WHAT YOU NEED TO DO: What is needed is an exact copy of the line that contains "this 1331×1882 image." and of all later lines to the end of the records below, with no other lines.

DATASET EXCERPTS:
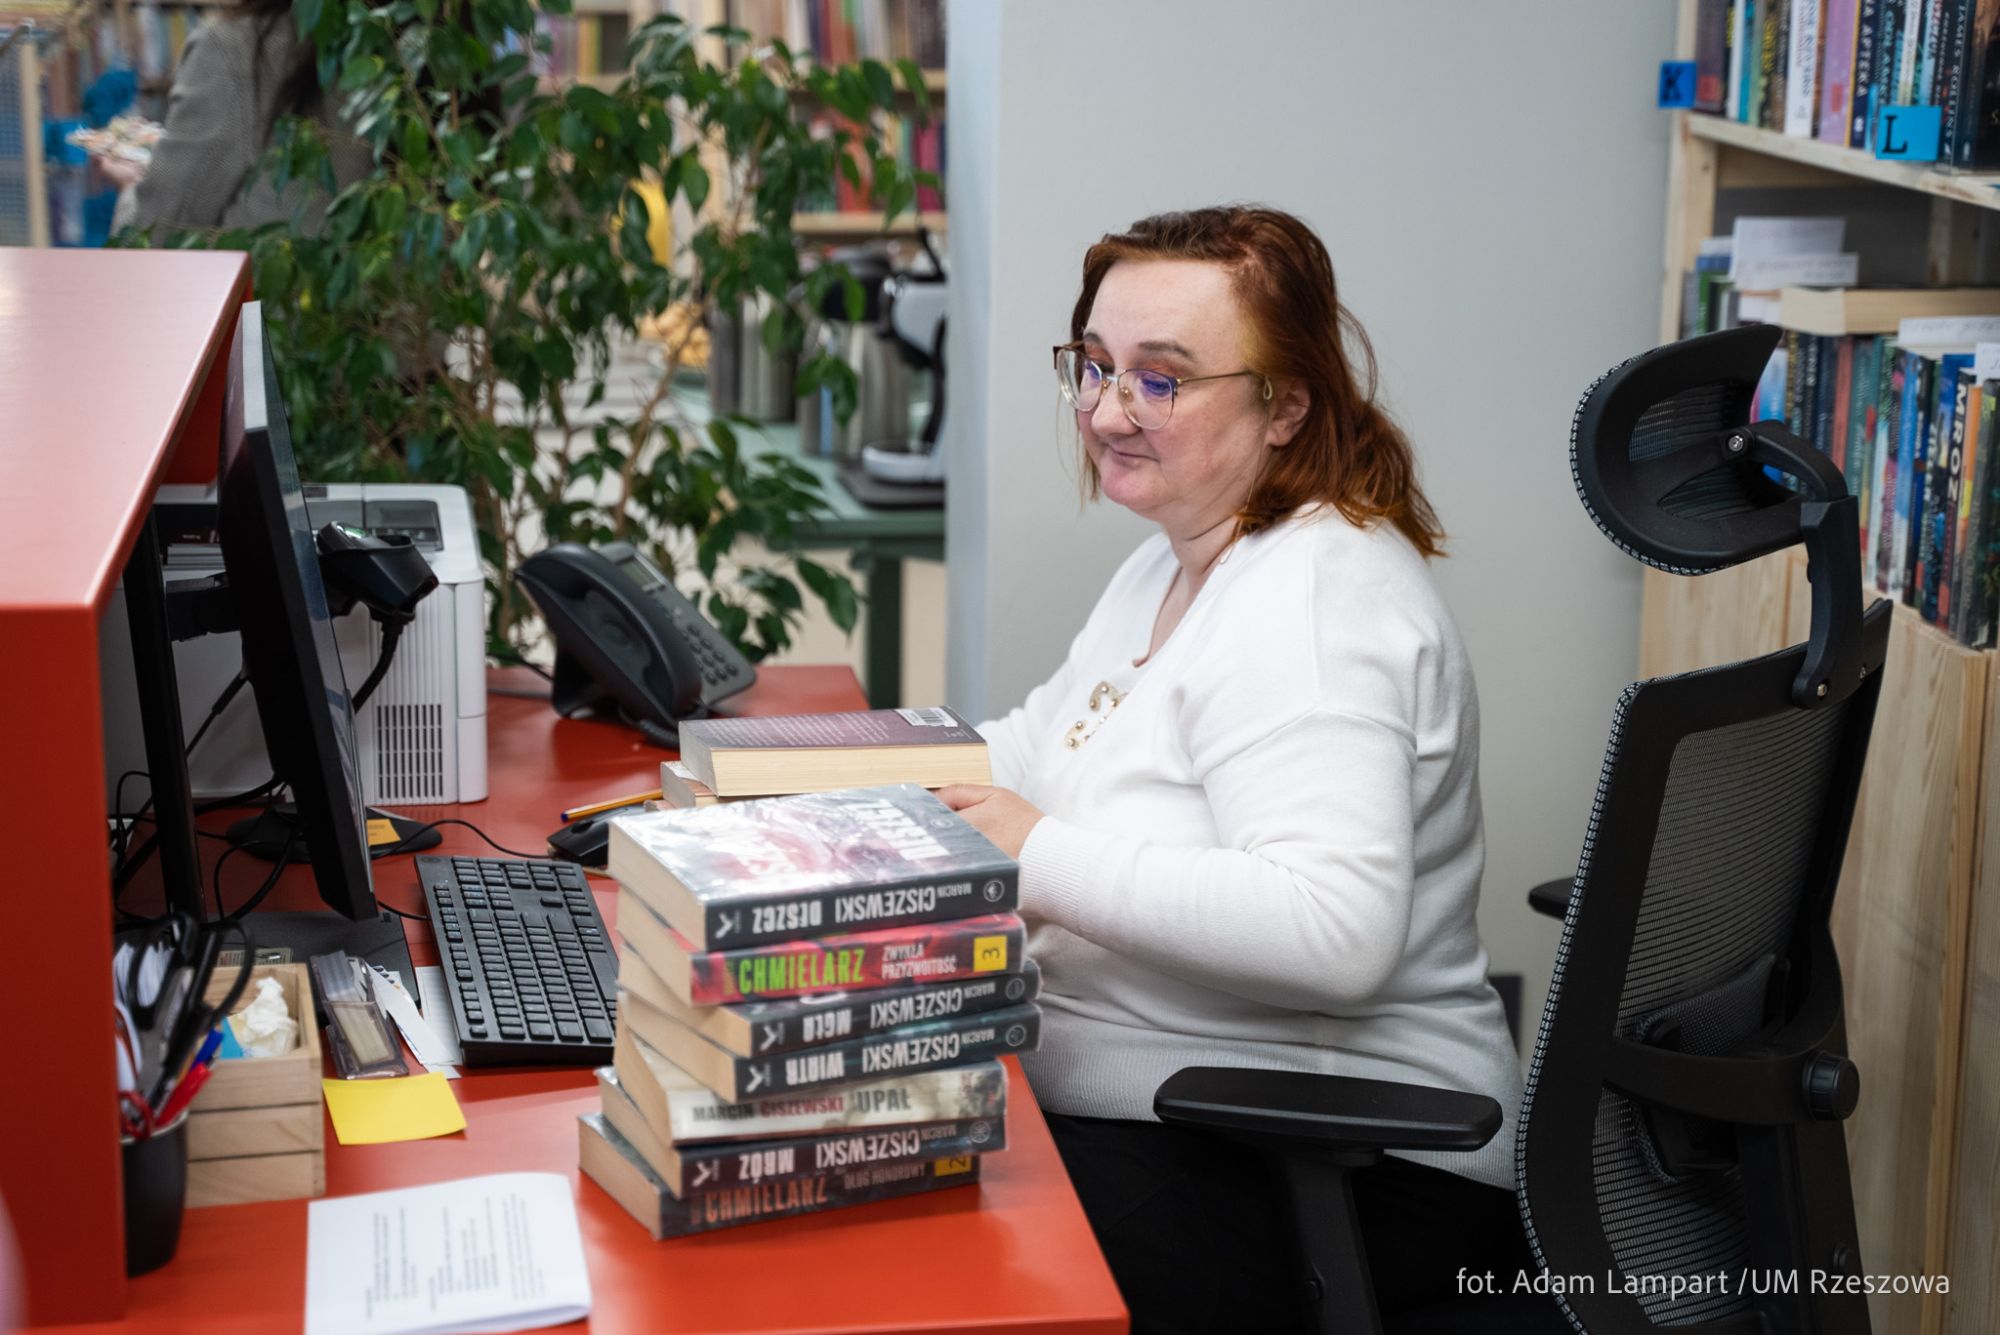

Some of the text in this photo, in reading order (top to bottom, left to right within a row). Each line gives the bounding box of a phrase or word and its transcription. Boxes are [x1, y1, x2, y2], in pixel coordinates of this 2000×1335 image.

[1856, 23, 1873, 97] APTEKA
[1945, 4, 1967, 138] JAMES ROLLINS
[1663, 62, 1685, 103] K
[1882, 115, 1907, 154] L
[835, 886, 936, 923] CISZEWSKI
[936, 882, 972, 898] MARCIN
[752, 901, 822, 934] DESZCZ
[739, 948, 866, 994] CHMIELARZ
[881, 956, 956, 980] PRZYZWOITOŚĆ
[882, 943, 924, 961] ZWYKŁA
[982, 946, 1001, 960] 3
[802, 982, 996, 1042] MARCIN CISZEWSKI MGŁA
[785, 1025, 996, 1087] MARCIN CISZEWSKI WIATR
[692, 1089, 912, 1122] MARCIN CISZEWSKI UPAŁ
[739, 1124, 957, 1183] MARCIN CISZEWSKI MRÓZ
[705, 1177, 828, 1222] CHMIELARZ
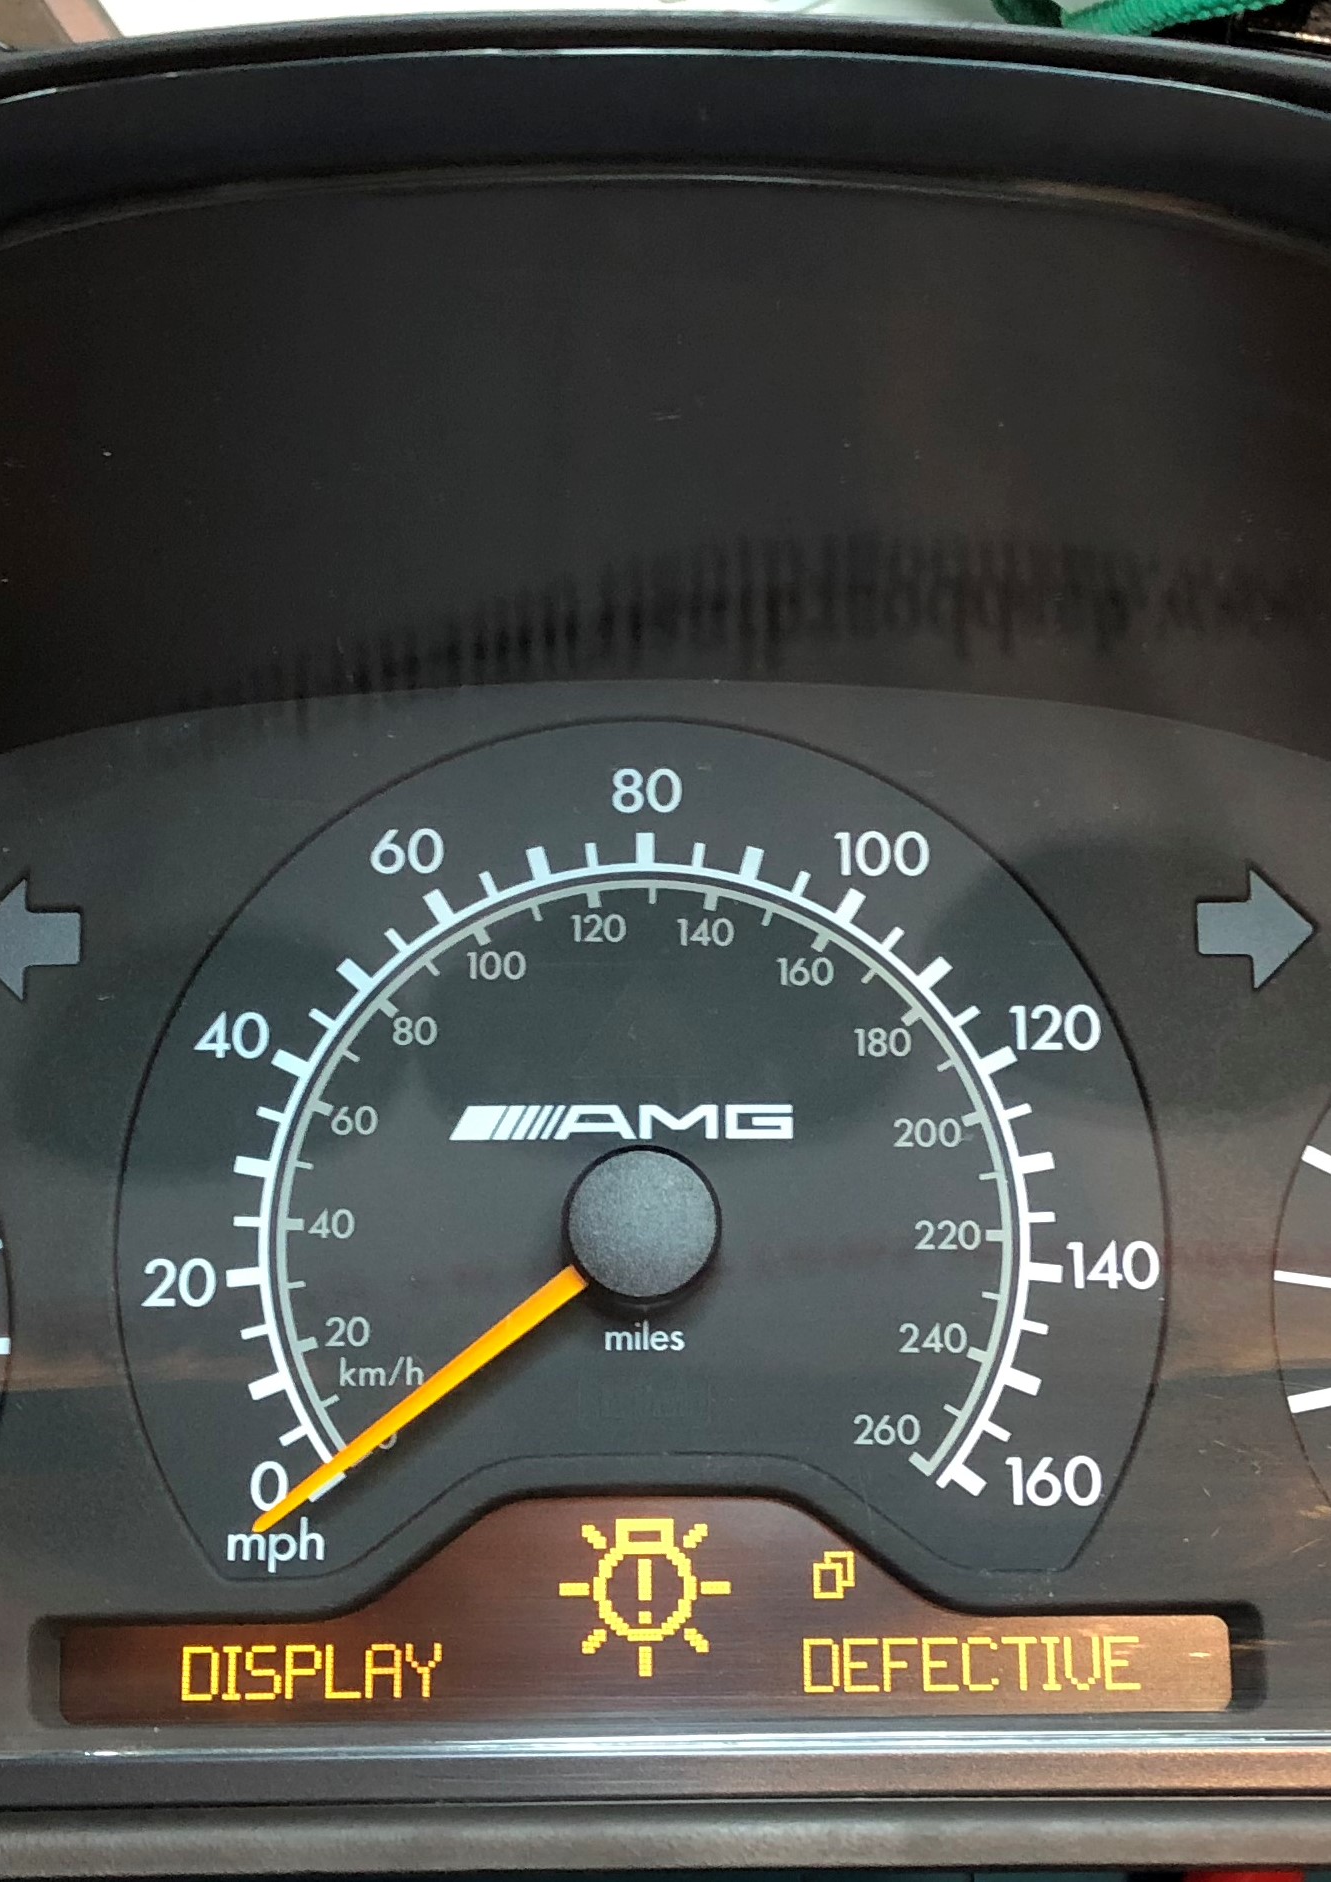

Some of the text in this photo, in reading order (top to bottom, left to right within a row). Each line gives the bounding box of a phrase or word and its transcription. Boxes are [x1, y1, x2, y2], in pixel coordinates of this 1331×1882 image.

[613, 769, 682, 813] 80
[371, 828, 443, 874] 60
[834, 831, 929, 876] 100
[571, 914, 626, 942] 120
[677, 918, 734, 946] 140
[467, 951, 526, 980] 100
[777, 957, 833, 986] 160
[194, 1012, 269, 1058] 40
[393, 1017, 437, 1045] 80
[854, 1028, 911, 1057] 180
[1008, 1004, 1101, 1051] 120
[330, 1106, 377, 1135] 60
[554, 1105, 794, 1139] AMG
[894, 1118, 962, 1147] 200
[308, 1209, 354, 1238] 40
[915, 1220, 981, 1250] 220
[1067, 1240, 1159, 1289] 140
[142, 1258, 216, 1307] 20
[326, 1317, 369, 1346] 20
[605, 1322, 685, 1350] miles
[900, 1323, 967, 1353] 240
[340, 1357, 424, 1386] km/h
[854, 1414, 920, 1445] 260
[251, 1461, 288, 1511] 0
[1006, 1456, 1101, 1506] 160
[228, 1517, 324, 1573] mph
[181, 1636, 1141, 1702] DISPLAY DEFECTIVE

RESPONSE AREA:
Some of the text in this photo, in reading order (top to bottom, left to right within a row). Each line gives the bounding box of a phrase or word and its transcription. Boxes are [x1, y1, x2, y2], in pixel coordinates of this 1331×1882 image.

[613, 769, 682, 813] 80
[371, 828, 443, 874] 60
[834, 831, 929, 876] 100
[571, 914, 626, 942] 120
[677, 918, 734, 946] 140
[467, 951, 526, 980] 100
[777, 957, 833, 986] 160
[194, 1012, 269, 1058] 40
[393, 1017, 437, 1045] 80
[854, 1028, 911, 1057] 180
[1008, 1004, 1101, 1051] 120
[330, 1106, 377, 1135] 60
[554, 1105, 794, 1139] AMG
[894, 1118, 962, 1147] 200
[308, 1209, 354, 1238] 40
[915, 1220, 981, 1250] 220
[1067, 1240, 1159, 1289] 140
[142, 1258, 216, 1307] 20
[326, 1317, 369, 1346] 20
[605, 1322, 685, 1350] miles
[900, 1323, 967, 1353] 240
[340, 1357, 424, 1386] km/h
[854, 1414, 920, 1445] 260
[251, 1461, 288, 1511] 0
[1006, 1456, 1101, 1506] 160
[228, 1517, 324, 1573] mph
[181, 1636, 1141, 1702] DISPLAY DEFECTIVE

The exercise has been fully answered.